Honduran cheese has none of the physical characteristics that I identify with the term "cheese." When I think of cheese, I think of a nice firm swiss, a supple cheddar, or a melty mozzarella. Honduran cheese is never melty. As a rule it comes in two textures: queso, which is hard, and quesillo, which is bouncy. If you apply enough heat to quesillo, it will melt somewhat, but by the time it is cool enough that it won't scald your lips, it has gone back to its original bouncy texture.

As if it weren't bad enough that the cheese is poorly constructed on a molecular level, it is also given the typical rough handling that most Honduran food suffers. Just as raw meat hangs in open air butcher shops, cheese peddlers park their pickup trucks full of dairy products alongside any road, so that passers-by can stop and buy a hunk of cheese that the seller cuts off with a knife he wipes on his jeans.

Some folks like it, though. Well, not the dirty knife, no one likes that, but some folks like the cheese. My mom, for one, can barely get off the plane from Missouri and the first thing she wants is a big slab of dry white cheese. My husband actually purchases a brick of cheese that will sit in the fridge, gradually growing smaller as he whittles away crumbly chunks for an afternoon snack. The cat and I refuse to have anything to do with this twisted diversion.

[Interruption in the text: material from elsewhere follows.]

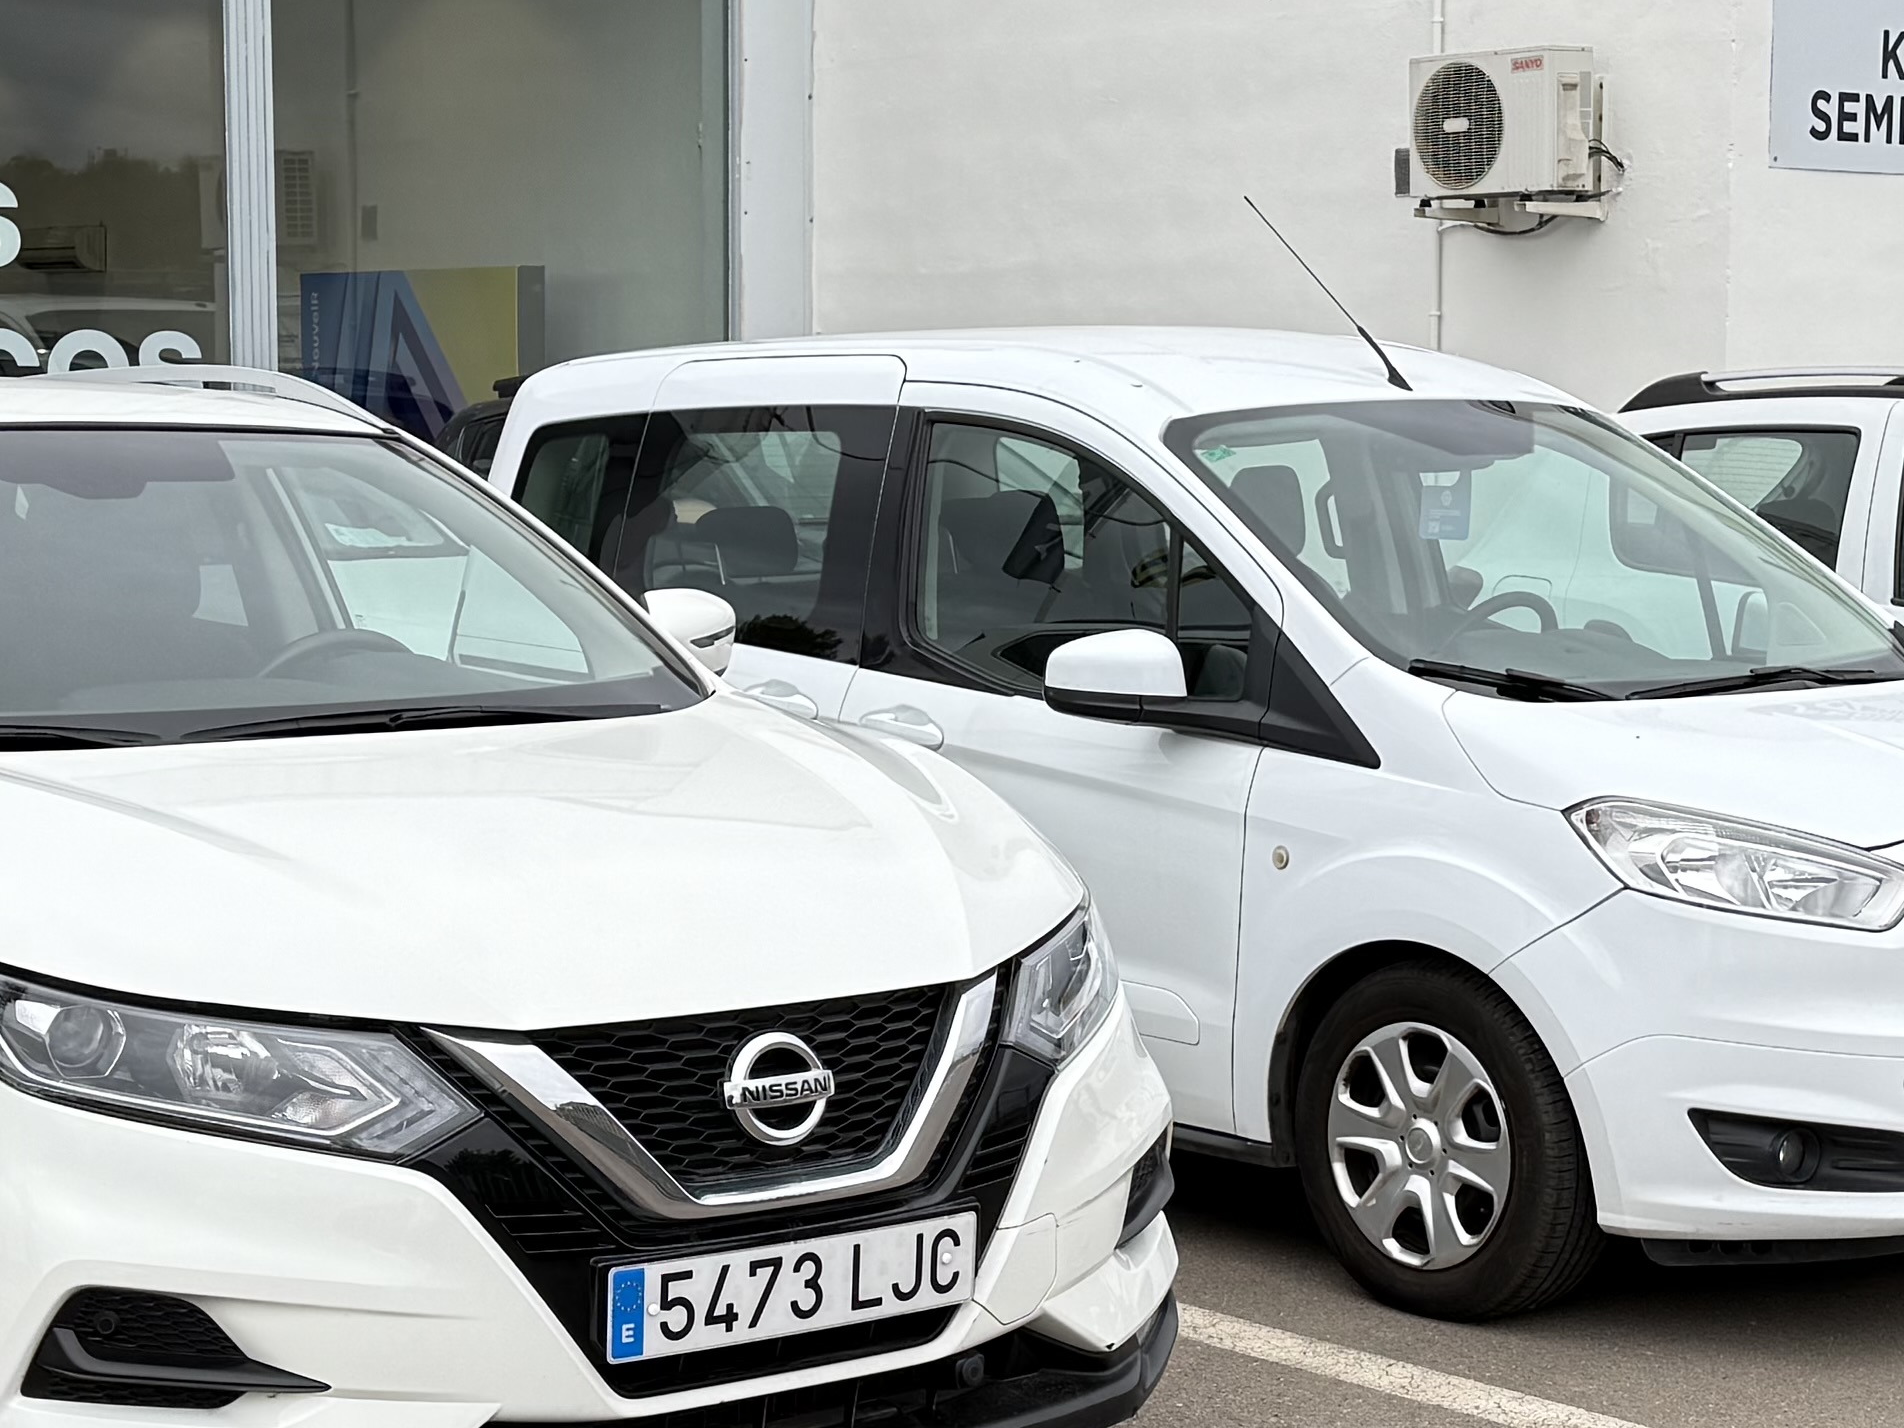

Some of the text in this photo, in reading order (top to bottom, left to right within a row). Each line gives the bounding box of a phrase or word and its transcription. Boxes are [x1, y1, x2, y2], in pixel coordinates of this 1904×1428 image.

I've always loved cheese, and would have thought that it would be one of the things that I couldn't live without. I have to learned to live without it in Honduras. This has been made easier due to the existence of another dairy product that makes up for all the sins of cheese: mantequilla. I hope no one asks me to justify liking Honduran butter cream and not liking Honduran cheese. Somehow the smell just goes better with the cream.